Does this mean that such experiments aren’t repeatable? No! – but it does mean that we need to be careful, perform repetitions, be sure that we understand the implications of the various random factors that affect the outcome of each experiment. We’ll have a lot more to say on this topic later.
What this discussion is getting at is that we need to be careful in going from the models we develop, their realisation in code, and their execution in simulation, to conclusions about the real world. We need to be sure that the conclusions we draw are supported by the simulations we’ve done, and that they match, to an appropriate degree, observations we can make about the real-world process we’re simulating.
The process and coding of simulation¶
Let’s look in overview at the process of discrete-event simulation, before we get into the coding details.
The basic process of simulation involves repeatedly deciding three things:
when (in simulation time) does the next event occur?,
where in the network does it occur?, and
which event is it that occurs?
The event is then executed, and the process repeats – forever in principle, and in practice until some termination condition occurs. In network science we often use a termination condition of equilibrium, where the network has in some sense “stabilised” so we can look at its overall state. In SIR this might be when there are no infected nodes left in the network, since no further events are then possible.

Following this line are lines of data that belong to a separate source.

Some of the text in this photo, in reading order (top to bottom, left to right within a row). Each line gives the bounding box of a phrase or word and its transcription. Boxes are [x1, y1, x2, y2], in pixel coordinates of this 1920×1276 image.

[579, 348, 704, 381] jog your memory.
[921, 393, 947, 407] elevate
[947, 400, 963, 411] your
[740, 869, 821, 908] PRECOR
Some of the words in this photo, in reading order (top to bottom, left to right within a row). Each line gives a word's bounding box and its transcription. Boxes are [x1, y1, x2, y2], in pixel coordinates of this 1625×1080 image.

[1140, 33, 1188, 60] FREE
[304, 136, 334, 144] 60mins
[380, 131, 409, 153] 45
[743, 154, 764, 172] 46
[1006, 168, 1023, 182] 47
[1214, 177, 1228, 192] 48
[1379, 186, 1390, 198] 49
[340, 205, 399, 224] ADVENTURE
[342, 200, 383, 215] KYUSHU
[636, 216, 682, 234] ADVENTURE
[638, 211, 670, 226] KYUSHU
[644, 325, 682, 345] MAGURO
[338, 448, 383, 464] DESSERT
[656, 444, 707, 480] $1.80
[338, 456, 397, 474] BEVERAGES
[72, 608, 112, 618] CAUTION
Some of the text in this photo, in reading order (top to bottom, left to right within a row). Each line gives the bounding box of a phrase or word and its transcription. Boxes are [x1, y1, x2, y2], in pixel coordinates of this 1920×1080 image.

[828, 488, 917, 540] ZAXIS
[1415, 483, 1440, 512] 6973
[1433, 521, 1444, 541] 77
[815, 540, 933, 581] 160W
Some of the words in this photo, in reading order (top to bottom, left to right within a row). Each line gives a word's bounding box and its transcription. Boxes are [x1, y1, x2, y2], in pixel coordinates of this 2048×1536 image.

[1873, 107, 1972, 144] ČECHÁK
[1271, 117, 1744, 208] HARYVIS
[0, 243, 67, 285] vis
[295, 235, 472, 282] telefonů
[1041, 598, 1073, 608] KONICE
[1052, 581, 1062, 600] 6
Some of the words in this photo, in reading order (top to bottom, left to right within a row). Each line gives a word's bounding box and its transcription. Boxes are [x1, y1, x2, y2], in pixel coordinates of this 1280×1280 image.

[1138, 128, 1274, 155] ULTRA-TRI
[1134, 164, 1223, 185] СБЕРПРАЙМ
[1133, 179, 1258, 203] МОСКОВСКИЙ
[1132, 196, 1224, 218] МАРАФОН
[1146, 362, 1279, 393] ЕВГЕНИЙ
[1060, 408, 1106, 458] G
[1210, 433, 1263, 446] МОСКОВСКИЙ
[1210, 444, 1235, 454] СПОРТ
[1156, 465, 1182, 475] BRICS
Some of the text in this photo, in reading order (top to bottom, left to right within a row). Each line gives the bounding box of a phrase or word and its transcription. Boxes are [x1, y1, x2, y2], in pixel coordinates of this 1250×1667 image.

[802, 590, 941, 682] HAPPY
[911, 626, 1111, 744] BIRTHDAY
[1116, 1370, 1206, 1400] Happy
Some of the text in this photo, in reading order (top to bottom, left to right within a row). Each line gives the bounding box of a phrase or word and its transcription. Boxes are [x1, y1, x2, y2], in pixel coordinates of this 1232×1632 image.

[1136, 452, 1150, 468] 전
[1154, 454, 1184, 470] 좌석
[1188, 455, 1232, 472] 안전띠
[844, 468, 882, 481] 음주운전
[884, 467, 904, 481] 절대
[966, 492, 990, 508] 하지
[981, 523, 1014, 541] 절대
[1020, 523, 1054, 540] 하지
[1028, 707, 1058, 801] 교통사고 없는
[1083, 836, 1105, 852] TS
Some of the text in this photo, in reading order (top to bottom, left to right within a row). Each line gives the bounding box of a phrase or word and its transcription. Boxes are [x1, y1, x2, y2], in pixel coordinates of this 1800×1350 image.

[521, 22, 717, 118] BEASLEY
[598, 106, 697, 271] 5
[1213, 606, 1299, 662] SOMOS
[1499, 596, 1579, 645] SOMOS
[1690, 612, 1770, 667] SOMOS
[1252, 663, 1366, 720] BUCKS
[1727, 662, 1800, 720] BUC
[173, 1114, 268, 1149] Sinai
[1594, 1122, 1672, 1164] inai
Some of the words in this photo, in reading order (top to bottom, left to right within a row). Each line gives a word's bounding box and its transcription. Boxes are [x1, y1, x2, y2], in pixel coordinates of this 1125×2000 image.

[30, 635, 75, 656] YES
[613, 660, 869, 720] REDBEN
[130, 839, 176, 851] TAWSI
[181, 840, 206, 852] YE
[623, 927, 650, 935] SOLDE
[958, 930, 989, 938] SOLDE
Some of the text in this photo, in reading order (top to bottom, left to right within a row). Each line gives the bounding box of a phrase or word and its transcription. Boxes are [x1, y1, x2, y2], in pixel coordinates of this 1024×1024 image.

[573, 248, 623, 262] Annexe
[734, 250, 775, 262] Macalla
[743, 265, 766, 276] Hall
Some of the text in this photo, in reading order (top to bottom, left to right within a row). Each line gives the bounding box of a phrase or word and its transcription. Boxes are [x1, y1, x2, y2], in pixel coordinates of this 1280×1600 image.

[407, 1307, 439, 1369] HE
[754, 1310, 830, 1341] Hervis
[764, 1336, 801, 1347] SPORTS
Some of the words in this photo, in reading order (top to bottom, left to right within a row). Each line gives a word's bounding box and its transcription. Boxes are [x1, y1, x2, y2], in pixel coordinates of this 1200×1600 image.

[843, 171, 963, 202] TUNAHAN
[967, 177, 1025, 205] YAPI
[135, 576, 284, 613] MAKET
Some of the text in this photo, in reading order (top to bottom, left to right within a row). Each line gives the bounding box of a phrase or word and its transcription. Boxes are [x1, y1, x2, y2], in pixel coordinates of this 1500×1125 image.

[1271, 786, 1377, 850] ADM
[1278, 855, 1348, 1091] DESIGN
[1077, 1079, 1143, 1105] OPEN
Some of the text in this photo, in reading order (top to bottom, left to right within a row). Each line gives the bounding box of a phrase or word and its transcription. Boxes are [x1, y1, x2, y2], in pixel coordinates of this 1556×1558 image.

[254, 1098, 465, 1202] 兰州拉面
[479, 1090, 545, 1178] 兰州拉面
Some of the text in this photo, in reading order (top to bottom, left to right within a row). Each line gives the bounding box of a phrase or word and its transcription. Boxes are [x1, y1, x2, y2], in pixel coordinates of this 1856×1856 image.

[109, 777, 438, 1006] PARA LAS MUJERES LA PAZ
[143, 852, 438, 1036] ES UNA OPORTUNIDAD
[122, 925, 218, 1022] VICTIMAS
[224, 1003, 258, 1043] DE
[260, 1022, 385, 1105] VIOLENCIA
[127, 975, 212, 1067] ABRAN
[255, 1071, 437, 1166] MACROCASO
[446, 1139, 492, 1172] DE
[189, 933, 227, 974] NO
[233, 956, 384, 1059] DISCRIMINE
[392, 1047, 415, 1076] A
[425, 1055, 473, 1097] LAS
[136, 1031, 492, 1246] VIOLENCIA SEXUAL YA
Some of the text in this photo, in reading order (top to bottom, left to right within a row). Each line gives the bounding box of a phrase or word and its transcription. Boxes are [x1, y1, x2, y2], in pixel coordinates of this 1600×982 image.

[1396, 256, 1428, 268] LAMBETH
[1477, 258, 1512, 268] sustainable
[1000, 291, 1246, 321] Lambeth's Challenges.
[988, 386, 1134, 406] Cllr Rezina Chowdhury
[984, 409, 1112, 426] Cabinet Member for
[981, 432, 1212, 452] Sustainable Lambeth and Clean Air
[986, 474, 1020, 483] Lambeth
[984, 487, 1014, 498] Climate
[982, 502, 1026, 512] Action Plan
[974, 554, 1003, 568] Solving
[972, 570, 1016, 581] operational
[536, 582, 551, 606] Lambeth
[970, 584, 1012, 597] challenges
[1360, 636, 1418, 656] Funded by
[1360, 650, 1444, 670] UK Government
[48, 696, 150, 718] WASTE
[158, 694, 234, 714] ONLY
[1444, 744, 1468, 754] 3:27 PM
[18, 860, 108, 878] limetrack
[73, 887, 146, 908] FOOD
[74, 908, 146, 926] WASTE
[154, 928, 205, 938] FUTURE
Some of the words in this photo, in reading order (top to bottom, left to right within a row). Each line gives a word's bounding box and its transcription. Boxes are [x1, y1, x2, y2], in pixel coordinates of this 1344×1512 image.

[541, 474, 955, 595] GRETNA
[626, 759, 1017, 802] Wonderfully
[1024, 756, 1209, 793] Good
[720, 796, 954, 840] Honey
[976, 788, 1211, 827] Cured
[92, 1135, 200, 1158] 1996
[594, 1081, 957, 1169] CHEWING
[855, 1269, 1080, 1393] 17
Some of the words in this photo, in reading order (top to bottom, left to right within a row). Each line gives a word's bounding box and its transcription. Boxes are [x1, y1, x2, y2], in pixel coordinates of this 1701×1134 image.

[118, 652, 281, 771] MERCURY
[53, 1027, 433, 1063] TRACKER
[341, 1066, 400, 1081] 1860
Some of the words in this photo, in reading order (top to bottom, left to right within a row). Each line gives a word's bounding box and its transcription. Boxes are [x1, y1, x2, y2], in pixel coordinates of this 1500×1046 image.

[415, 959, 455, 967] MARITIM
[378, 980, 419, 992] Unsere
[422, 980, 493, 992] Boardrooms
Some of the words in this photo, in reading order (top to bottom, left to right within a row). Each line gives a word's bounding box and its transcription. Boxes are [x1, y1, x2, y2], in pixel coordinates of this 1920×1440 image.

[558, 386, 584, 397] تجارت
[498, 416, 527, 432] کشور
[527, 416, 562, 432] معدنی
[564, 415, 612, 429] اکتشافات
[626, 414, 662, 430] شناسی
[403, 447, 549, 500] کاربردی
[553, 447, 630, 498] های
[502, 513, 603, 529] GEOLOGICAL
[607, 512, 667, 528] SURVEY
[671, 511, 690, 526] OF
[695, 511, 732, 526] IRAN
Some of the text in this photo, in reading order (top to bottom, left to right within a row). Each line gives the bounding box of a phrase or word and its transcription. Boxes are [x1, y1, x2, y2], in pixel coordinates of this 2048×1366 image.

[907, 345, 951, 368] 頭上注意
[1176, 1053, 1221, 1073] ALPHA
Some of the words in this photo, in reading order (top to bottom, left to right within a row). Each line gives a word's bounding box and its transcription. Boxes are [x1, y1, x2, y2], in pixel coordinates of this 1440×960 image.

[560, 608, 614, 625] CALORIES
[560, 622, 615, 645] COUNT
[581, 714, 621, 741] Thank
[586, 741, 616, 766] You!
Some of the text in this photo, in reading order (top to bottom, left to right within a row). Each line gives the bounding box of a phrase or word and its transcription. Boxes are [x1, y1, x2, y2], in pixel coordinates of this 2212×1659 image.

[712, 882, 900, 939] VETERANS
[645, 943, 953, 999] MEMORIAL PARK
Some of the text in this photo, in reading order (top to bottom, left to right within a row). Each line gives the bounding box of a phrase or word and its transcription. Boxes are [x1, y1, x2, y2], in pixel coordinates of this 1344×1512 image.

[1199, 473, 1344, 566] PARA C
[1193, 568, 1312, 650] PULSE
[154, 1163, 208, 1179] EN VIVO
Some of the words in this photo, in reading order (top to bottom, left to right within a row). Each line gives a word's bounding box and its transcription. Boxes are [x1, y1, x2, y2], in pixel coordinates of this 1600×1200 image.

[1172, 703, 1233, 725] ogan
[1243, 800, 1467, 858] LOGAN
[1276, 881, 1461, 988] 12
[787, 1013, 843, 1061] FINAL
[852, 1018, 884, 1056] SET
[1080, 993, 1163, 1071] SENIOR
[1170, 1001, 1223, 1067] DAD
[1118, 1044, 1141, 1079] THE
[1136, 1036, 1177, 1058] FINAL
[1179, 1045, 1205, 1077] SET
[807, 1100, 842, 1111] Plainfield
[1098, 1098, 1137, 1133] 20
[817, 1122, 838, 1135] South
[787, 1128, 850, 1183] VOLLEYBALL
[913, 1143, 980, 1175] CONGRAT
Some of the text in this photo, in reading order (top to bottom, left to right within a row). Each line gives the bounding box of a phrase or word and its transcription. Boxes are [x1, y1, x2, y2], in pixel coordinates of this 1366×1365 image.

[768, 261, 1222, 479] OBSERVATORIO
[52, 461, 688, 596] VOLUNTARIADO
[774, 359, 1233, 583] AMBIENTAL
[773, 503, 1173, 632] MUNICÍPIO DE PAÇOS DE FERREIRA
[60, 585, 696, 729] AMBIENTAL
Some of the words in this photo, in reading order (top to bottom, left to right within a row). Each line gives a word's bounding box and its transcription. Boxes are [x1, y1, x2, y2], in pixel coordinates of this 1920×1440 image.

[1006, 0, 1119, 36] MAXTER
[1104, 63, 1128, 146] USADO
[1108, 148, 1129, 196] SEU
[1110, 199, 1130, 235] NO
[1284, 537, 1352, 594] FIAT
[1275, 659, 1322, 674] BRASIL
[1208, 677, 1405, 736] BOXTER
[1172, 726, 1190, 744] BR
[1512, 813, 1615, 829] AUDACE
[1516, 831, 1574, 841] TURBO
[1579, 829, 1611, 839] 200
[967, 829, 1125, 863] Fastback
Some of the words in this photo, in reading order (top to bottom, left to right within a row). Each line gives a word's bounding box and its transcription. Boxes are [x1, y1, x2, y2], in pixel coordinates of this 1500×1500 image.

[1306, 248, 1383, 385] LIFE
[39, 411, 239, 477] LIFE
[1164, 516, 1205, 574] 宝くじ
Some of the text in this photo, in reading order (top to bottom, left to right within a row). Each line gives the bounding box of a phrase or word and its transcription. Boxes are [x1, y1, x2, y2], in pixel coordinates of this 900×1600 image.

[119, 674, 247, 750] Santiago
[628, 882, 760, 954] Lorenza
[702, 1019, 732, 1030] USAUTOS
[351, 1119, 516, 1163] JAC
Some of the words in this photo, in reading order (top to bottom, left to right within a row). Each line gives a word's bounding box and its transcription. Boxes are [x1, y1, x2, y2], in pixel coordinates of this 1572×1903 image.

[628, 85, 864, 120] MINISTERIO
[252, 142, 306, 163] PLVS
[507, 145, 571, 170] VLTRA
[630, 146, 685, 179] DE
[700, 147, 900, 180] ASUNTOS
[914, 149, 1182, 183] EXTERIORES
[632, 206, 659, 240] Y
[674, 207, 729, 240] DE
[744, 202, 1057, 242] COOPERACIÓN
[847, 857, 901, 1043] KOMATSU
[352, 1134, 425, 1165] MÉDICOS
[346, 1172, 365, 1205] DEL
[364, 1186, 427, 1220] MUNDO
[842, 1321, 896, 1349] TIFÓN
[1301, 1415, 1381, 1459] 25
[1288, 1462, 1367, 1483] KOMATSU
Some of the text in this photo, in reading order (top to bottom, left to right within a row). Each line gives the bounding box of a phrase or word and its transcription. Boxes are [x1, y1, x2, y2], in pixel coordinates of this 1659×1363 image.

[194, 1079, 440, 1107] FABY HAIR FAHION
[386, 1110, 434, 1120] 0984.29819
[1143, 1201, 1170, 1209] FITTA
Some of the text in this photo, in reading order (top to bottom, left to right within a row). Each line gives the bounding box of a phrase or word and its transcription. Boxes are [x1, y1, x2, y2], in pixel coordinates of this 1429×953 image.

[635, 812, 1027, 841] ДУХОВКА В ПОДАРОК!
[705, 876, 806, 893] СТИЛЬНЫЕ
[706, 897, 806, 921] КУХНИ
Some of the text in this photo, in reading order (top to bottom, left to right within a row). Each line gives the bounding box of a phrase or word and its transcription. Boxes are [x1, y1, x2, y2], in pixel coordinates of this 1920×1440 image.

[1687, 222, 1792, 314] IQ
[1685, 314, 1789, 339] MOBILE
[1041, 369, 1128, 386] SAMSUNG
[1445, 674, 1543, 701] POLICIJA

How are these three decisions made? The details are what differentiates between the different methods of simulation. For our purposes, epydemic provides a framework for simulating epidemics on networks, with the decision-making either being coded directly or – more conveniently – being offloaded to a software encoding of a compartmented model. It’s this framework we’ll turn to next.
The structure of epydemic simulations¶
What is the appropriate software structure for a simulator? There probably is no right answer to this, but epydemic views simulations as being composed of two distinct parts:
Processes that define how the process being simulated behaves in time; and
Dynamics that define how the model is used to produce and execute the stream of events making up the simulated process.
A process defines methods for setting-up, running, and tearing-down the process for each experiment we run; for defining the rates at which different events occur; for the code that runs at each event; for collecting the results of the experiment; and for accessing and changing the network over which the process runs. There are all sorts of processes we can define, including the compartmented model process that executes compartmented disease models. (We’ll come onto these later.)
A dynamics by contrast determines which event runs next. This is the main division of labour between processes and models: a model defines what events do, while the dynamics defines what events run and in what order. The bridge between these two responsibilities is provided by the statistical functions on the process API that return the rates at which events should occur. The dynamics knows nothing about how these rates are computed: they will typically change as a result of events being fired; similarly, it knows nothing about what the events do.
There are two basic kinds of dynamics. Synchronous dynamics works in discrete time, and at each timestep decides whether each possible event occurs or not. Stochastic or Gillespie dynamics works in continuous time and is bboth more efficient and more statistically exact, at a cost of being perhaps less intuitive. Let’s look at the synchronous case first, even though it’s less commonly used in practice, and then tackle the stochastic case.